The Minstrel Case Studies
I’m disturbed by the way case studies, especially those facilitated by the University of Pennsylvania, approach Black men. They screened me last week for an investigation into how Black men make good decisions. Their questions violated my dignity: asking first if I was sexually active (what they determined as the essence of a relationship) and then followed up with a curiosity about “chicks on the side” I may have. For representatives of an Ivy League school to speak to me in a such a manner revealed the set-up. Race theorist always talk about the symbolic creation of “niggers” through knowledge, and indeed this study was the concrete conspiracy.
Shamefully, I agreed to participate since I was eligible, but i did what any college student would do–say yes to easy money (a measly 40 dollars) and take my chance to stage a covert coup. Needless to say, the emotional and psychological wretchedness of my assistance in a new a racist conclusion overwhelmed me. When i arrived at the site at 8am, i could see nothing but an endless line of my least refined brothers. From ages 18-45, these were the men that visually resembled the folks that make headlines, who an anti-Black racist consciousness would assume know prison very well; I internalized that world view, frightened by the fact that i couldn’t be distinguished.

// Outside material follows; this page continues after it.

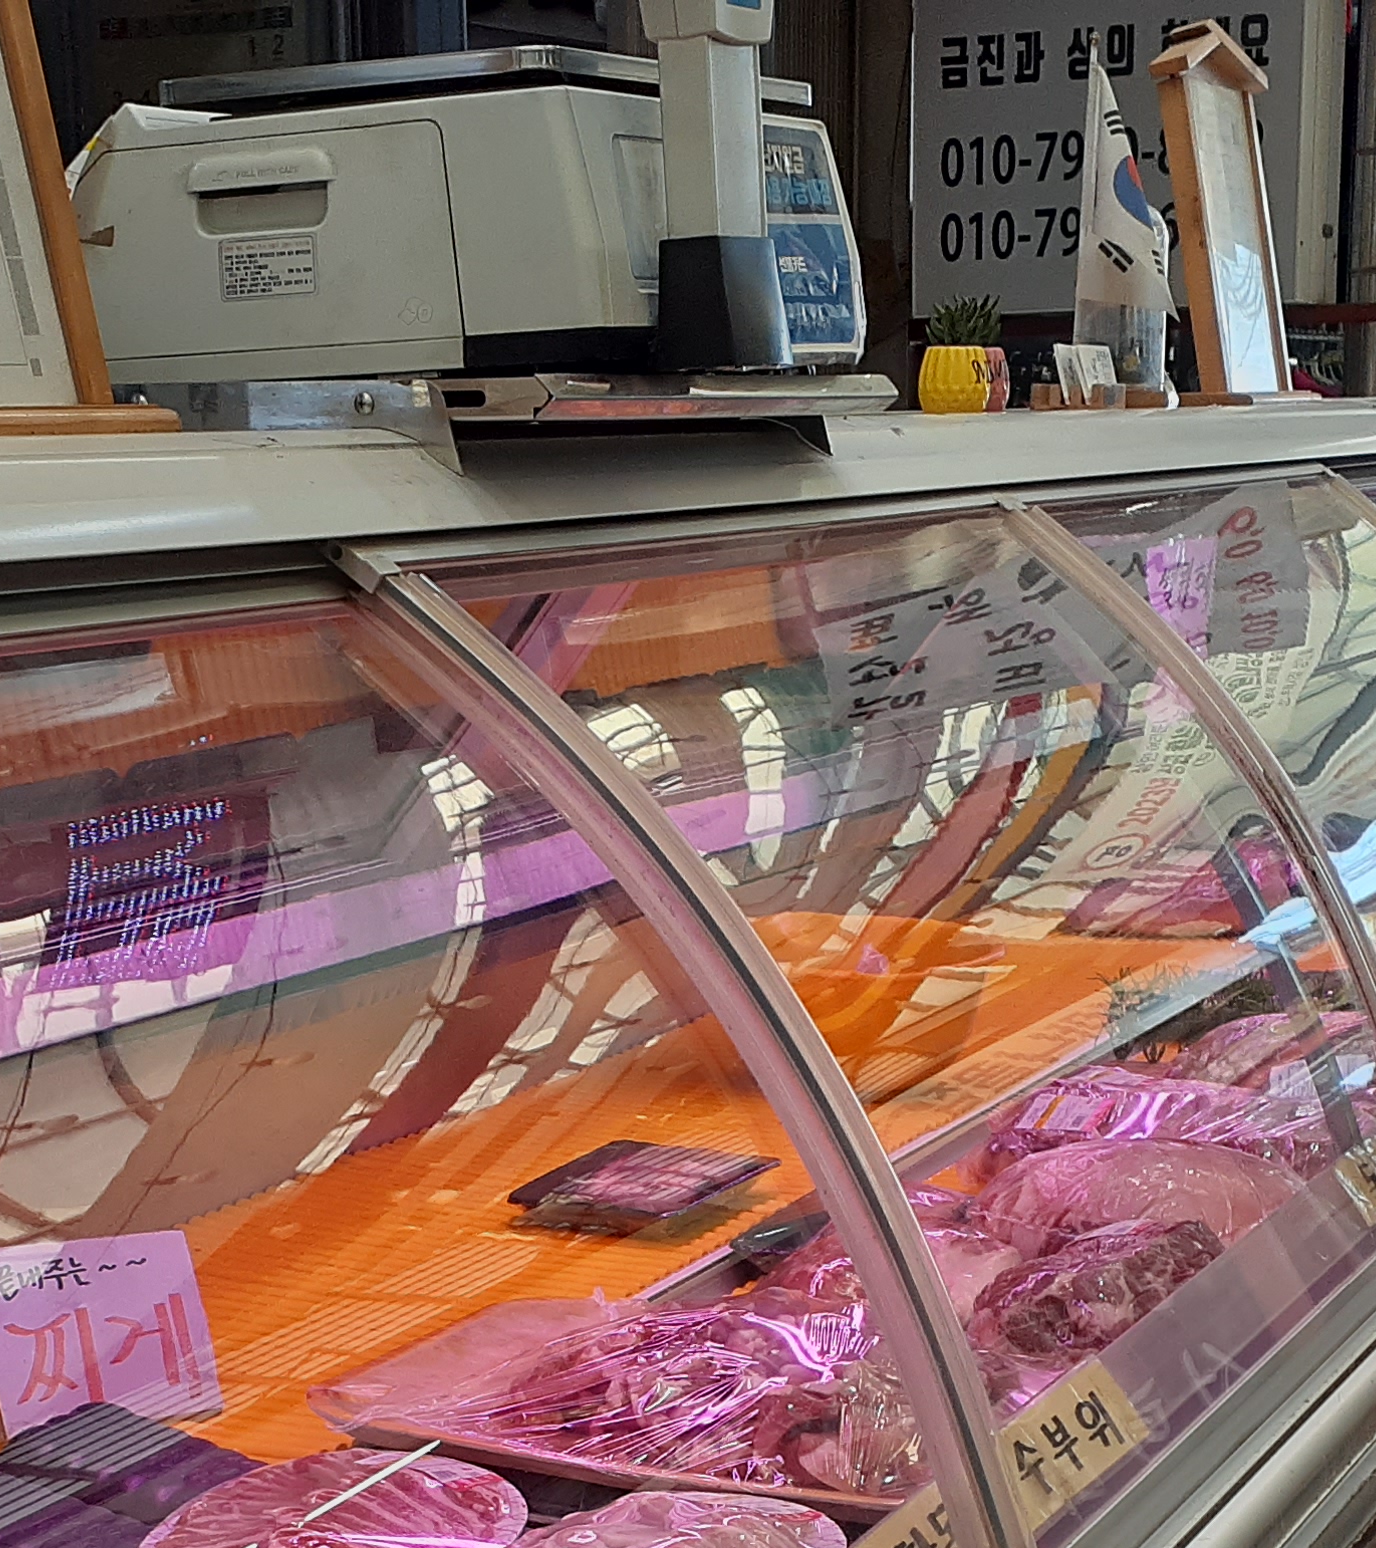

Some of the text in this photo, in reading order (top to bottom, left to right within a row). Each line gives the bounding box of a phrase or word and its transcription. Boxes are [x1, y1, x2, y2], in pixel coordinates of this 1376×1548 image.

Embarrassment and I have gotten close because of this experience. At the core of my discomfort–inspired by not being outstanding among my overly presumed brothers– was more of a realization of my helplessness. Not only would Penn pathologize my people with the credence of this study, but I was confronting the tension between my passion for the liberation of people of color and the real anxiety I have about my own people. I walked away never even making it to the actual study (they overbooked) and without a method for purging myself of Black antipathy. If the point has been stressed to you before, let it be known that we are in a dammed situation. As I am sure that many of you reading this can relate.